Maria Lanakila rededicated 16 months after devastating Lahaina wildfire
Maria Lanakila Catholic Church reopened last week in downtown Lahaina, resplendent in white Christmas lights and even capped by a three-quarter moon high over its spire in the West Maui night sky.
“It’s a miracle,” said Joybelle Agustin, a Wailuku resident and Divine Mercy devotee who attended the historic church’s first Mass since the August 2023 wildfires. She recalled that, in the immediate aftermath of the fire, even flowers at the altar didn’t wither, despite flames that consumed most of Lahaina.
Most Reverend Larry Silva, Bishop of Honolulu, presided over the rededication Mass on Wednesday for the 151-year-old church.
Thankfully, the wildfire did not burn Maria Lanakila (Our Lady of Victory), Silva said in his homily. But access to the church was affected, and “that is why you were not able to come here for over a year,” he told an overflow crowd of parishioners. “We’re now very joyful that we are here.”
The devastating wildfire spared the church, its rectory and a classroom building at neighboring Sacred Hearts School. Public access to the church property at the intersection at Waineʻe and Dickenson streets has been strictly restricted by immediate post fire search-and-rescue emergency operations and, later, hazardous debris removal from surrounding properties.
Silva noted in his homily that Notre Dame Cathedral in Paris also reopened recently, five years after a fire burned the 860-year-old church’s roof, destroyed its iconic spire and damaged its roof and upper walls.

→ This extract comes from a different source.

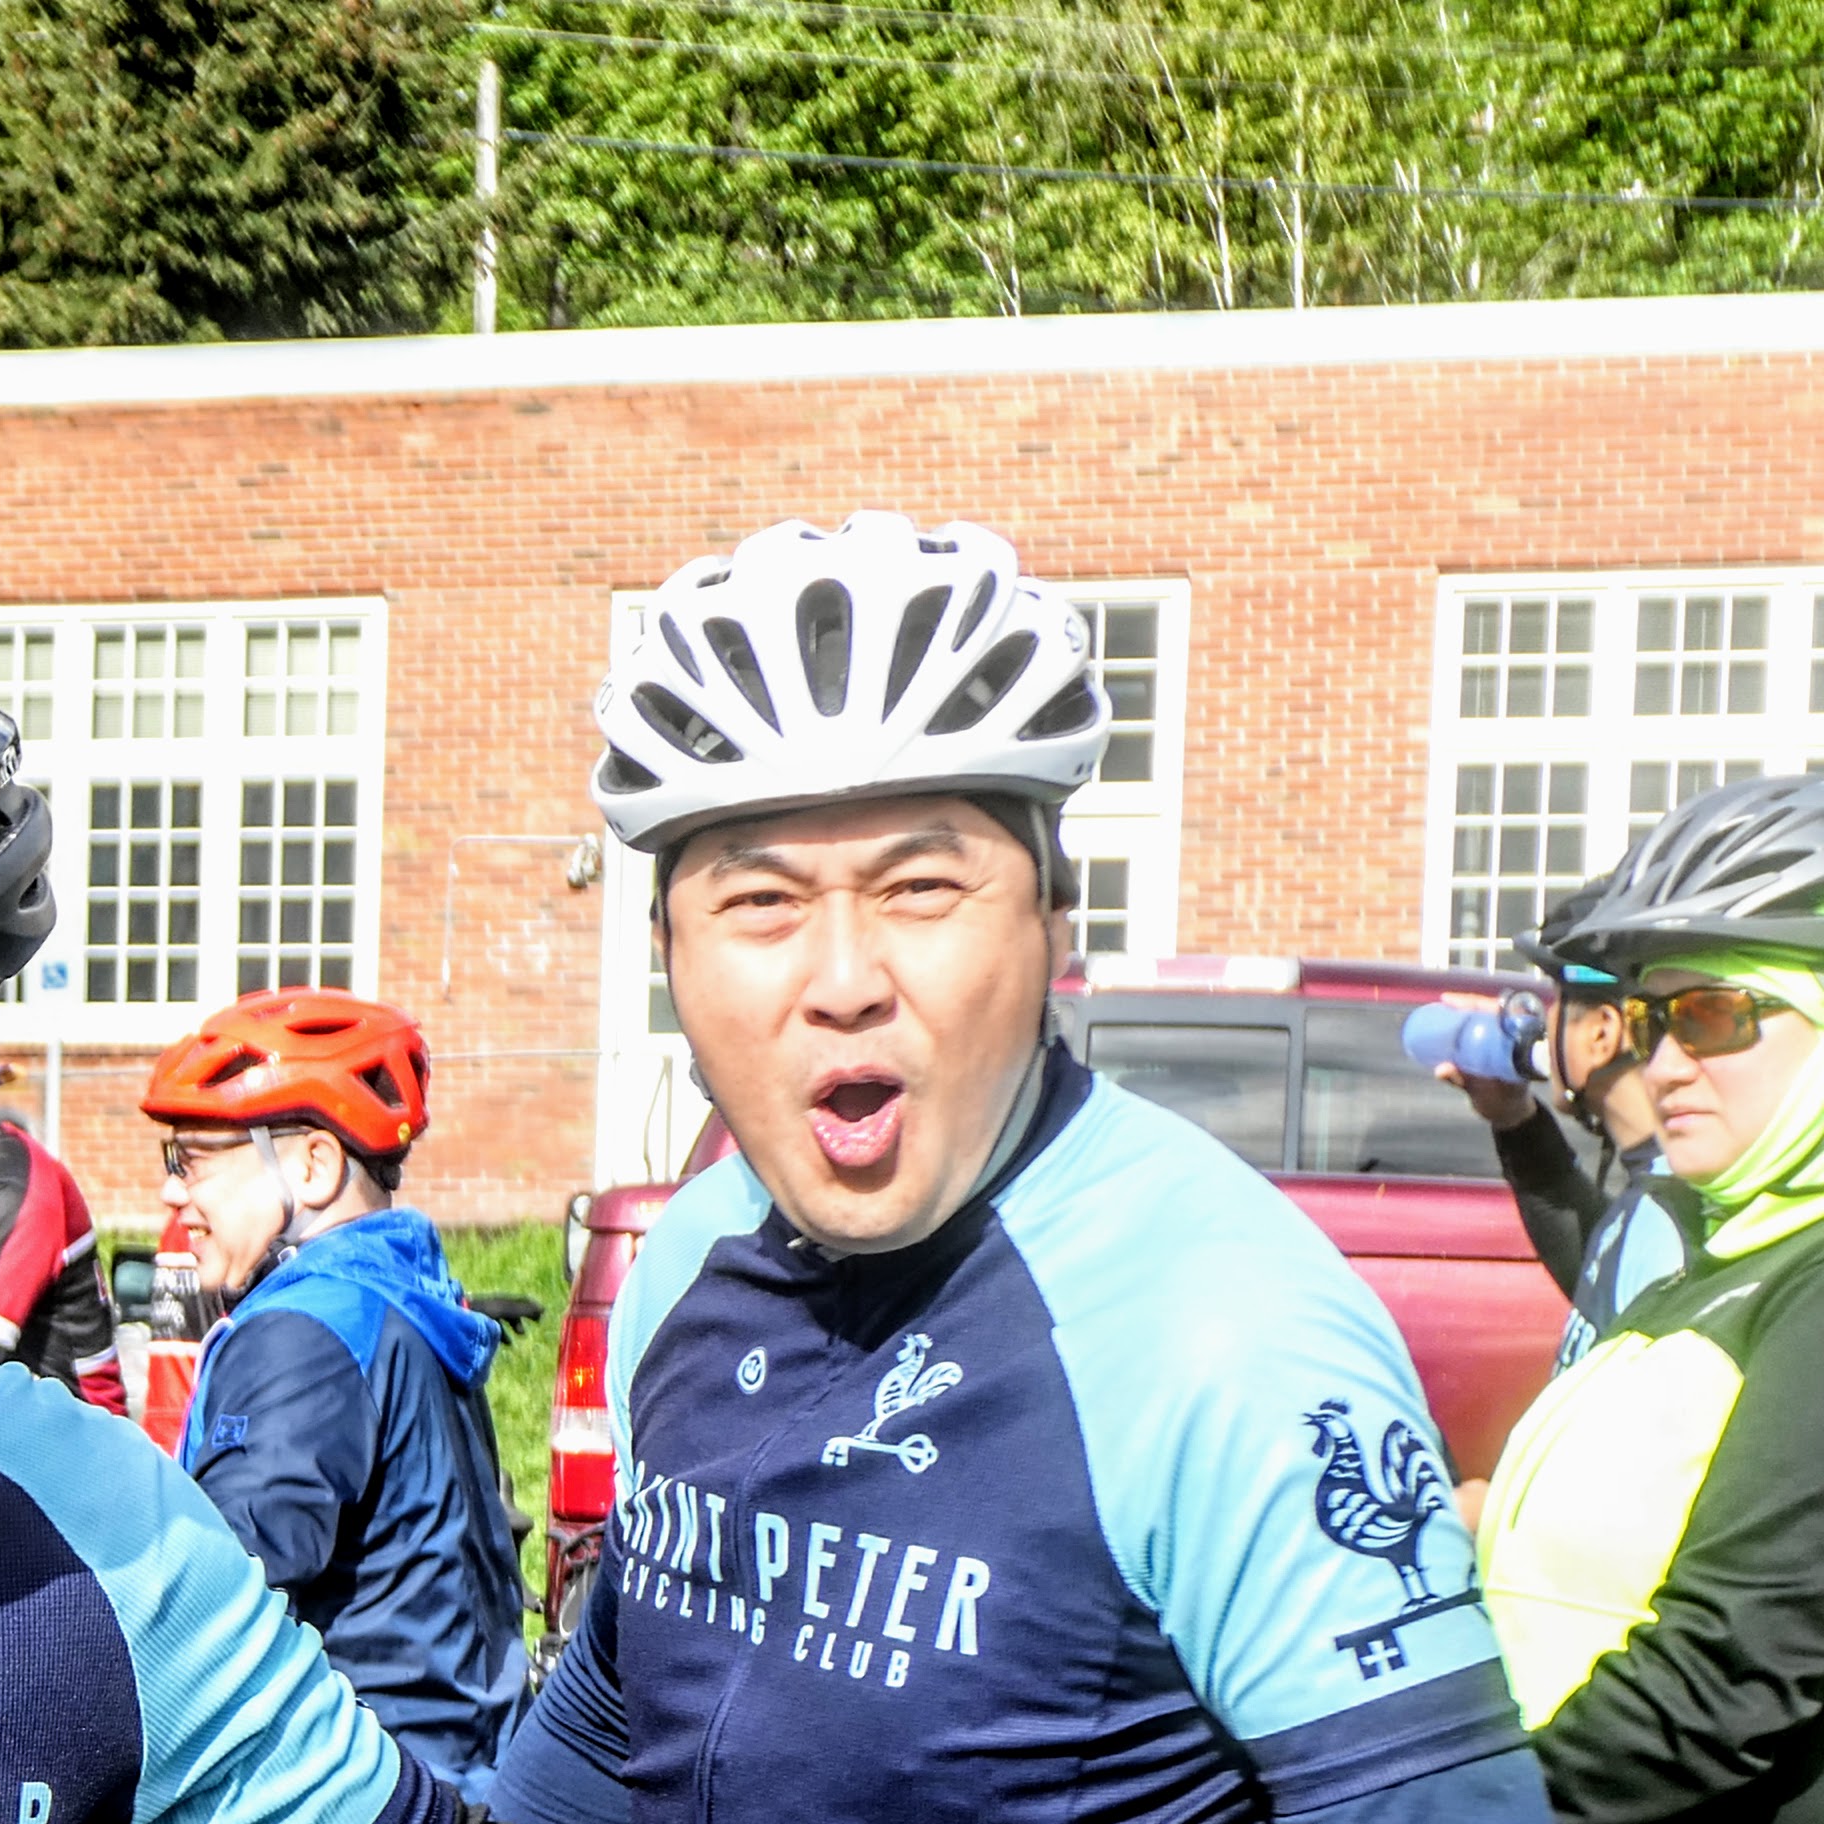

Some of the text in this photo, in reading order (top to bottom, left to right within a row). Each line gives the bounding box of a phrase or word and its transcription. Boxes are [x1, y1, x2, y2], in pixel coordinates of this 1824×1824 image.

Both Maria Lanakila and Notre Dame are named after the Blessed Virgin Mary, Silva said, dedicating Wednesday’s Mass to her and to her “yes to God, the invitation that she received to be the mother of God.”
“And at that moment, the Holy Spirit entered her, and the word, the Eternal Word, became flesh,” he said. “As we recall that great moment in Mary’s life, we remember that a church is important because it is here that we gather together for the Word to come into us, for the Word to take flesh in us.”
Silva said that, the wildfire brought horrible “loss of life, loss of hope, loss of jobs. There were many tears that were shed at that time. There were also those who reached out to those in need, embracing them in their love, giving them food when they were hungry, finding shelter for them.”
“There were thousands and thousands of ways that that Word that had become flesh in us in this church,” Silva said.
While progress has been made, “there is much, much work ahead,” he said, noting that Sacred Hearts School, the convent, the parish center and the entire town of Lahaina need to be rebuilt.
“So there is so much more to do,” he said. “But we come here in hope and even in joy in the face of that because it is the Word of God, Christ made flesh in us, that will enable us to do all that the Lord wants us to do.”
The Maria Lanakila website has a listing of Mass times for both Maria Lanakila in Lahaina and Sacred Hearts Mission Church in Kapalua. Christmas Eve Mass at Maria Lanakila will be at 5:30 p.m. Christmas Eve Mass will start at 5:30 and 9:30 p.m. at Sacred Hearts Mission.
Christmas Day Mass will be at 7 and 9 a.m. at Maria Lanakila. The celebration will be at 7 and 10:30 a.m. that day at Sacred Hearts Mission. A Latin Mass will be celebrated at 1 p.m. Christmas Day at Maria Lanakila.
Within days after the wildfire, Sacred Hearts School relocated temporarily to Sacred Hearts Mission Church in Kapalua and then to 2530 Kekaʻa Drive mauka of the Kāʻanapali Beach Resort. To learn more about the school and about opportunities to support Catholic education for its students, visit its website here.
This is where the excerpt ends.